Please print the entries exactly, omitting each image.

START DATA RECORDS

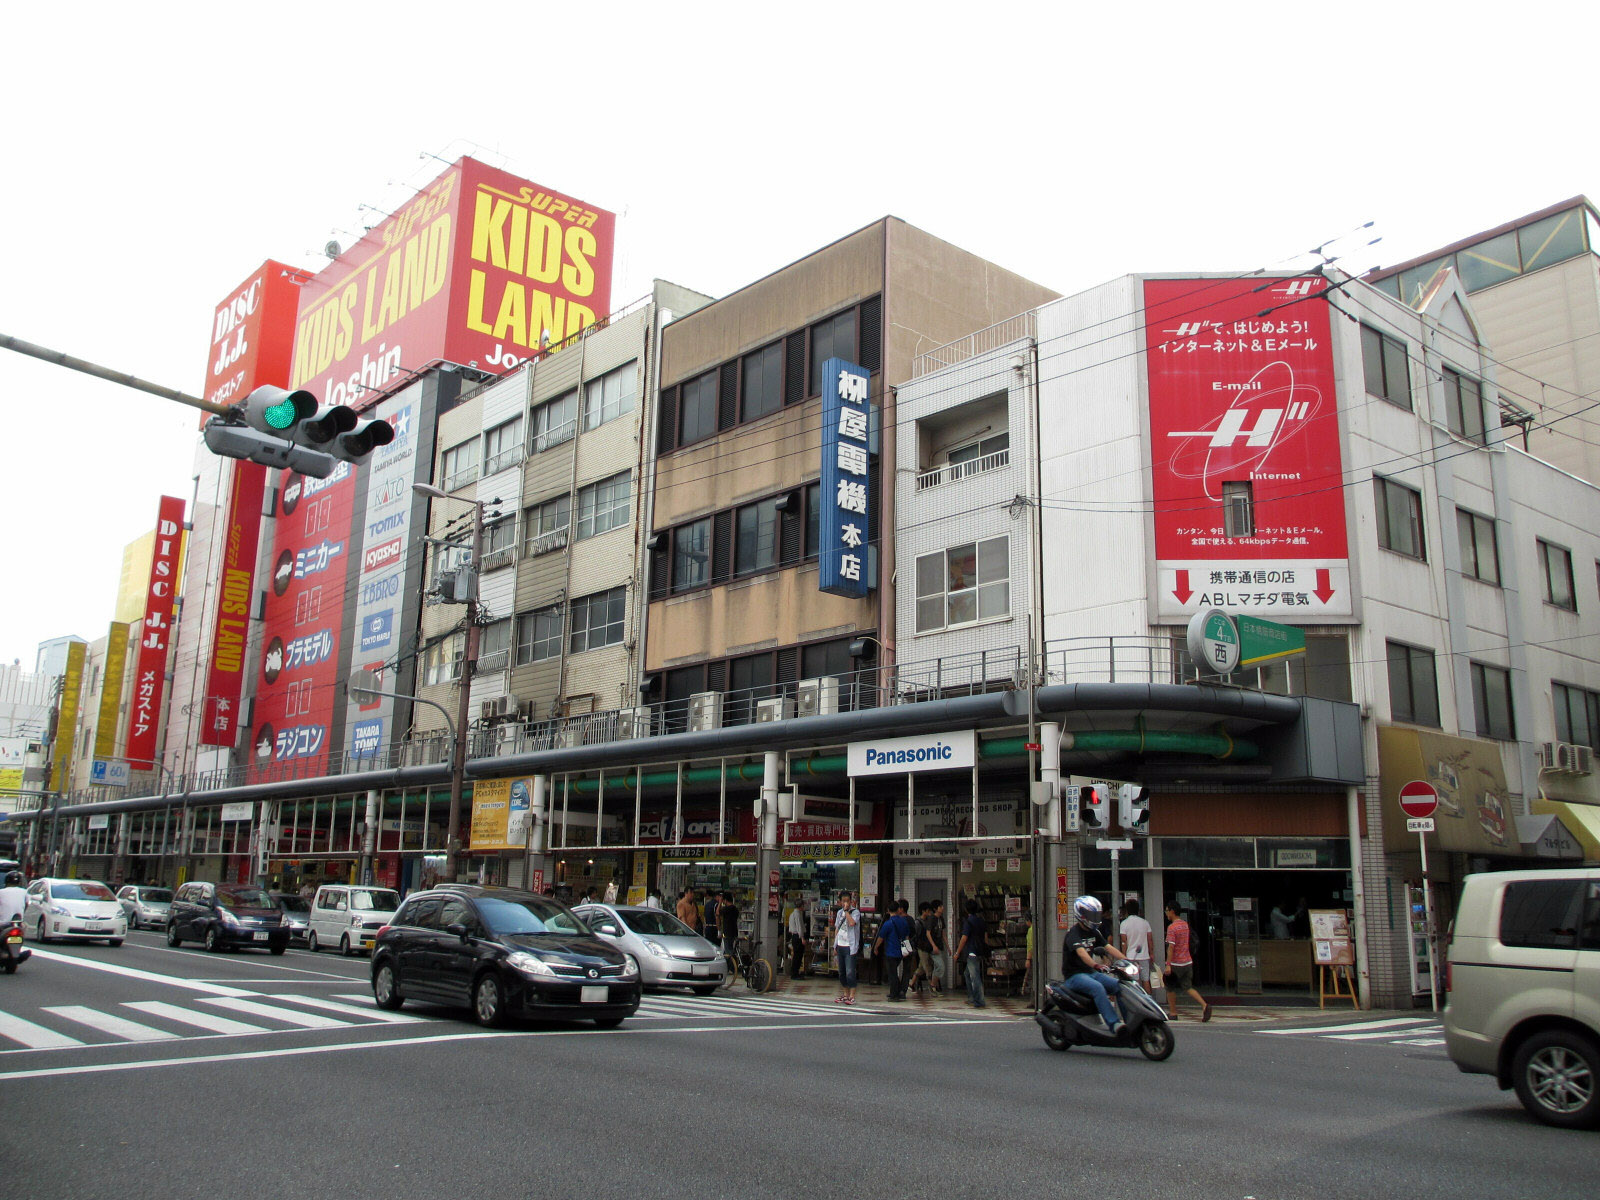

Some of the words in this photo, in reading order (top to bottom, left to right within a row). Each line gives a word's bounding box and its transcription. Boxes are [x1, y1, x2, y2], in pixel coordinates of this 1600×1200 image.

[518, 186, 599, 229] SUPER
[470, 189, 598, 298] KIDS
[212, 276, 262, 346] DISC
[291, 281, 359, 392] KIDS
[360, 212, 452, 346] LAND
[466, 267, 597, 355] LAND
[213, 324, 248, 376] J.J.
[1212, 381, 1262, 391] E-mail
[374, 477, 406, 507] KATO
[1249, 471, 1301, 481] Internet
[369, 510, 406, 538] TOMIX
[152, 519, 178, 598] DISC
[293, 542, 342, 577] ミニカー
[221, 568, 251, 616] KIDS
[363, 573, 399, 606] EBBRO
[1209, 570, 1295, 585] 携帯通信の店
[1199, 591, 1310, 607] ABLマチダ電気
[215, 617, 246, 673] LAND
[285, 630, 332, 670] プラモデル
[1214, 643, 1227, 664] 西
[134, 670, 155, 737] メガストア
[212, 696, 232, 732] 本店
[276, 726, 324, 760] ラジコン
[354, 736, 380, 753] TOMY
[355, 724, 380, 739] TAKARA
[865, 741, 953, 767] Panasonic
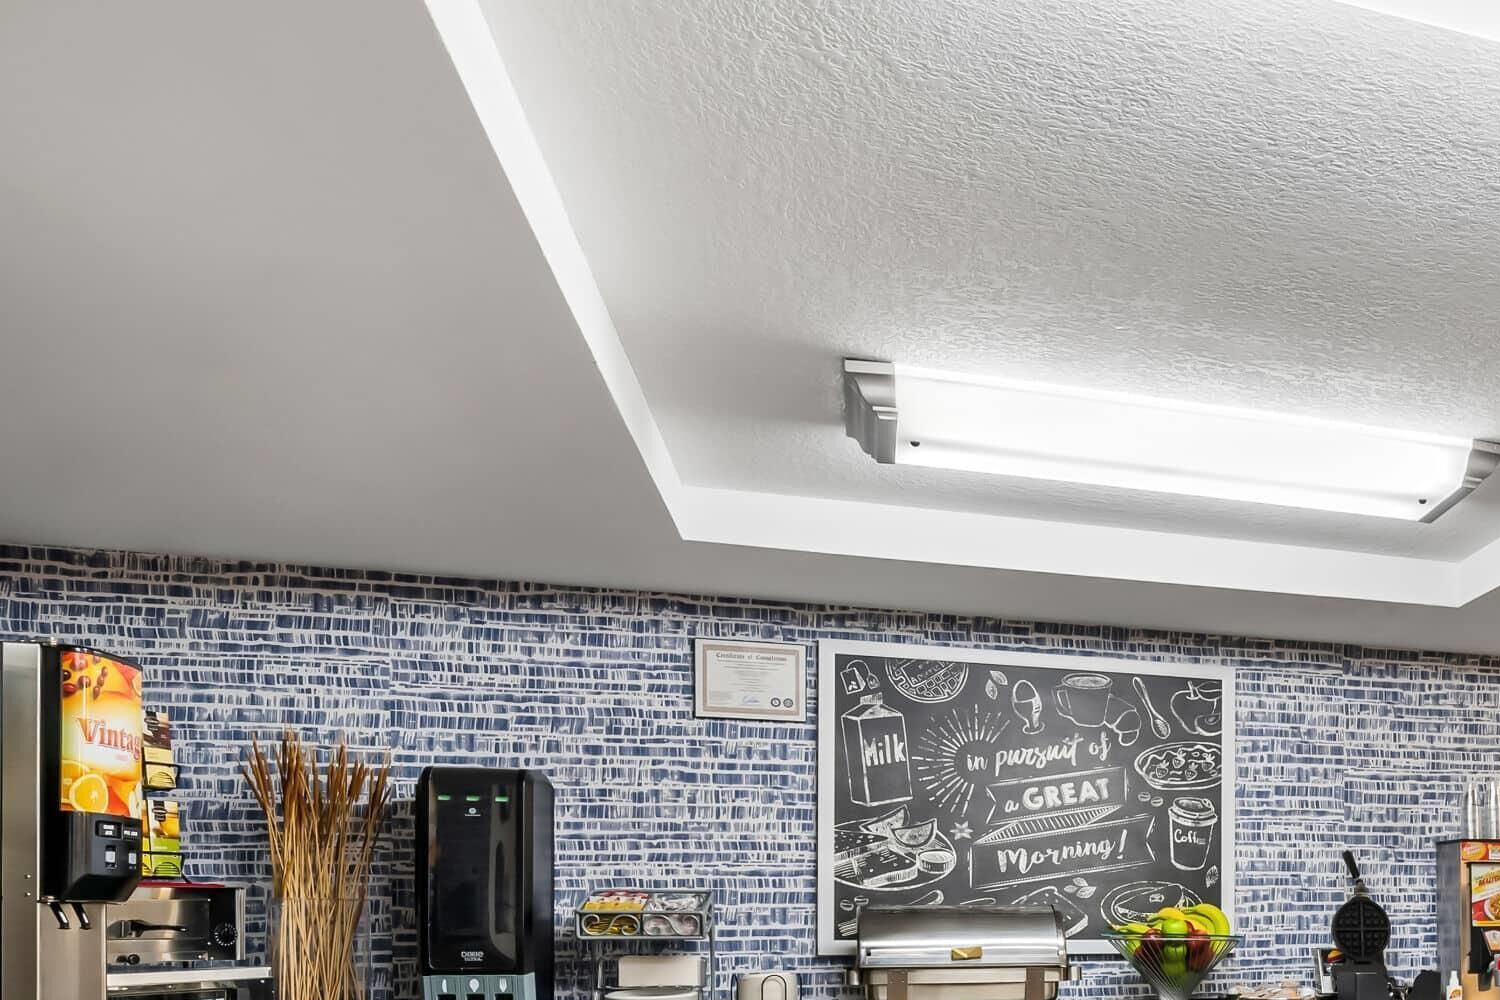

END DATA RECORDS

**TASK SOLUTION**
Some of the words in this photo, in reading order (top to bottom, left to right within a row). Each line gives a word's bounding box and its transcription. Boxes are [x1, y1, x2, y2], in pixel coordinates of this 1600×1200 image.

[518, 186, 599, 229] SUPER
[470, 189, 598, 298] KIDS
[212, 276, 262, 346] DISC
[291, 281, 359, 392] KIDS
[360, 212, 452, 346] LAND
[466, 267, 597, 355] LAND
[213, 324, 248, 376] J.J.
[1212, 381, 1262, 391] E-mail
[374, 477, 406, 507] KATO
[1249, 471, 1301, 481] Internet
[369, 510, 406, 538] TOMIX
[152, 519, 178, 598] DISC
[293, 542, 342, 577] ミニカー
[221, 568, 251, 616] KIDS
[363, 573, 399, 606] EBBRO
[1209, 570, 1295, 585] 携帯通信の店
[1199, 591, 1310, 607] ABLマチダ電気
[215, 617, 246, 673] LAND
[285, 630, 332, 670] プラモデル
[1214, 643, 1227, 664] 西
[134, 670, 155, 737] メガストア
[212, 696, 232, 732] 本店
[276, 726, 324, 760] ラジコン
[354, 736, 380, 753] TOMY
[355, 724, 380, 739] TAKARA
[865, 741, 953, 767] Panasonic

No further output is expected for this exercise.